In the 2014 Payment Notice final rule, we received a number of comments
in support of our proposal to use the statewide average premium as the
basis for risk adjustment transfers. In subsequent benefit year
rulemakings, some commenters expressed a desire for HHS to use a plan's
own premium. HHS addressed those comments by reiterating that we had
considered the use of a plan's own premium instead of the statewide
average premium and chose to use statewide average premium. As this
approach supports the overall goal of the risk adjustment program to
encourage issuers to rate for the average risk in the applicable state
market risk pool, and avoids the creation of incentives for issuers to
operate less efficiently, set higher prices, develop benefit designs or
create marketing strategies to avoid high risk enrollees.
V. Collection of Information Requirements
This document does not impose information collection requirements,
that is, reporting, recordkeeping, or third-party disclosure
requirements. Consequently, there is no need for review by the Office
of Management and Budget under the authority of the Paperwork Reduction
Act of 1995 (44 U.S.C. 3501, et seq.).
VI. Regulatory Impact Analysis
A. Statement of Need
This final rule adopts the HHS-operated risk adjustment methodology
for the 2017 benefit year set forth in the 2017 Payment Notice final
rule to ensure that the risk adjustment program works as intended to
protect consumers from the effects of adverse selection and premium
increases due to issuer uncertainty. The Premium Stabilization Rule and
previous Payment Notices noted above provided detail on the
implementation of the risk adjustment program, including the specific
parameters applicable for the 2017 benefit year.
B. Overall Impact
We have examined the impact of this rule as required by Executive
Order 12866 on Regulatory Planning and Review (September 30, 1993),
Executive Order 13563 on Improving Regulation and Regulatory Review
(January 18, 2011), the Regulatory Flexibility Act (RFA) (September 19,
1980, Pub. L. 96- 354), section 1102(b) of the Social Security Act,
section 202 of the Unfunded Mandates Reform Act of 1995 (March 22,
1995; Pub. L. 104-4), Executive Order 13132 on Federalism (August 4,
1999), the Congressional Review Act (5 U.S.C. 804(2), and Executive
Order 13771 on Reducing Regulation and Controlling Regulatory Costs.

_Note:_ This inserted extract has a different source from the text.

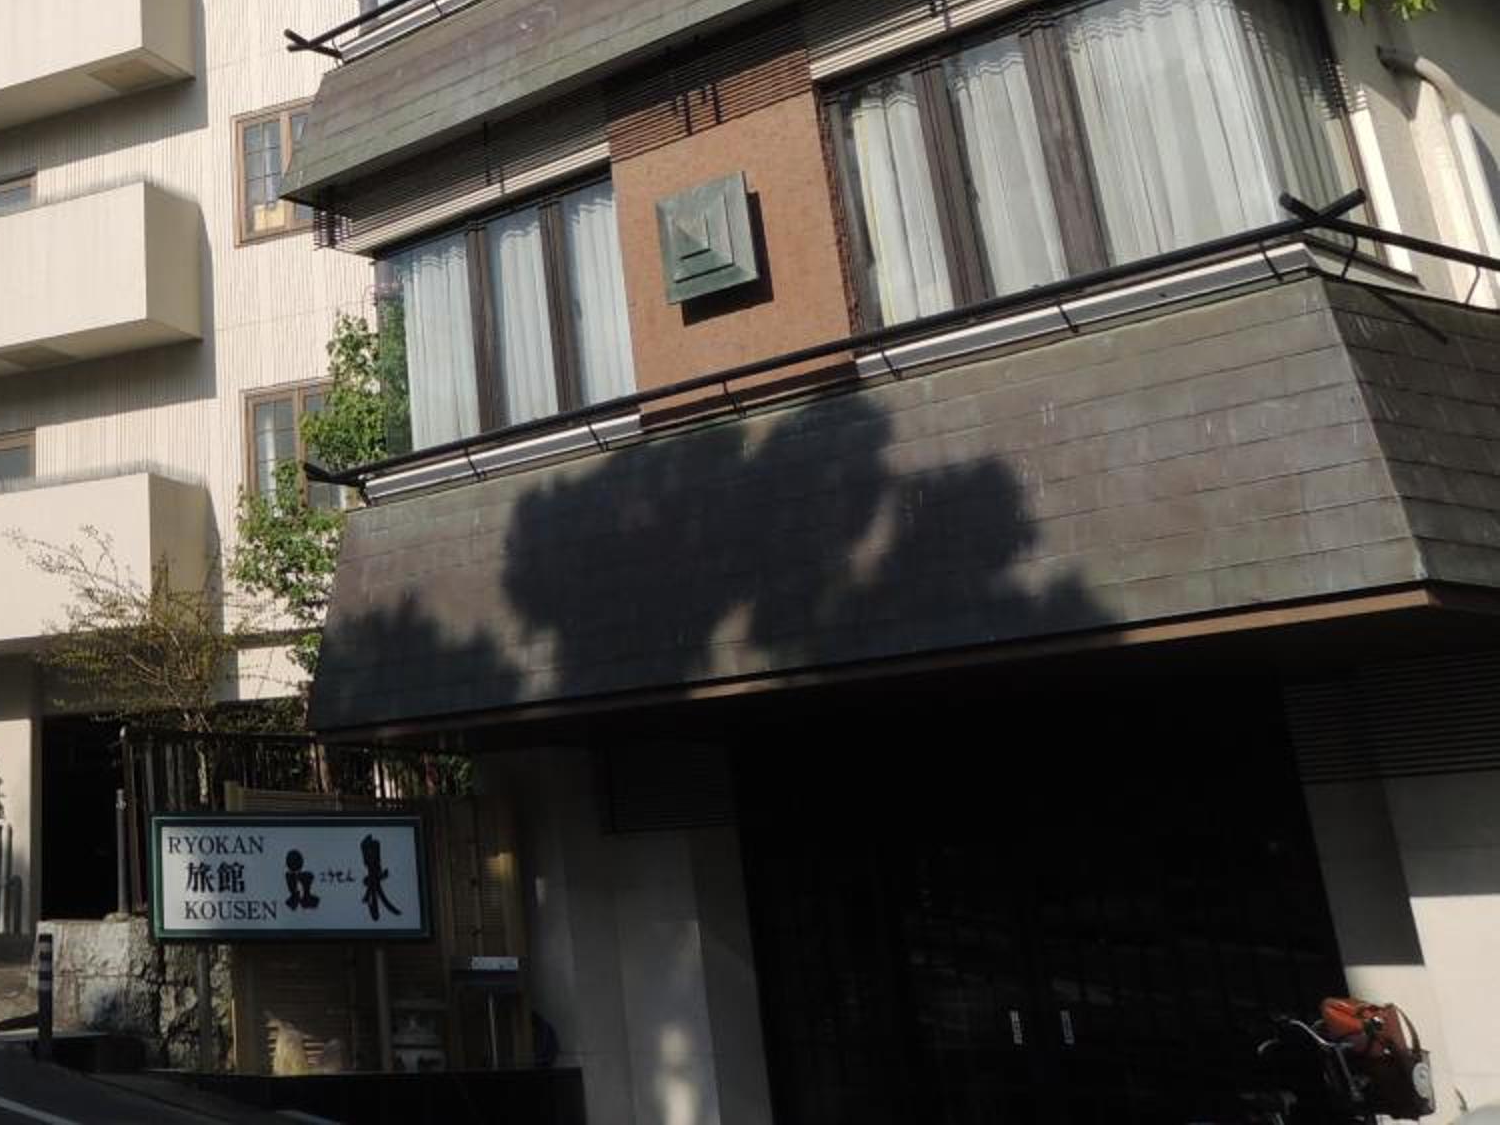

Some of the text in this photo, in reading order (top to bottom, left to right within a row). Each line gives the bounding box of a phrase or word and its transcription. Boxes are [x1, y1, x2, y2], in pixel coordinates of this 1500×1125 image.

[168, 835, 264, 855] RYOKAN
[186, 862, 245, 893] 旅館
[185, 900, 277, 921] KOUSEN

Executive Orders 12866 and 13563 direct agencies to assess all costs
and benefits of available regulatory alternatives and, if regulation is
necessary, to select regulatory approaches that maximize net benefits
(including potential economic, environmental, public health and safety
effects, distributive impacts, and equity). A regulatory impact
analysis (RIA) must be prepared for major rules with economically
significant effects ($100 million or more in any one year).
OMB has determined that this final rule is ``economically
significant'' within the meaning of section 3(f)(1) of Executive Order
12866, because it is likely to have an annual effect of $100 million in
any 1 year. In addition, for the reasons noted above, OMB has
determined that this is a major rule under the Congressional Review
Act.
This final rule offers a further explanation on budget neutrality
and the use of statewide average premium in the risk adjustment payment
transfer formula when HHS is operating the permanent risk adjustment
program established in section 1343 of the PPACA on behalf of a state
for the 2017 benefit year. We note that we previously estimated
transfers associated with the risk adjustment program in the Premium
Stabilization Rule and the 2017 Payment Notice, and that the provisions
of this final rule do not change the risk adjustment transfers
previously estimated under the HHS-operated risk adjustment methodology
established in those final rules. The approximate risk adjustment
transfers for the 2017 benefit year are $5.179 billion. As such, we
also adopt the RIA in the 2017 Payment Notice proposed and final rules.
Dated: July 23, 2018.
Seema Verma,
Administrator, Centers for Medicare & Medicaid Services.
Dated: July 24, 2018.
Alex M. Azar II,
Secretary, Department of Health and Human Services.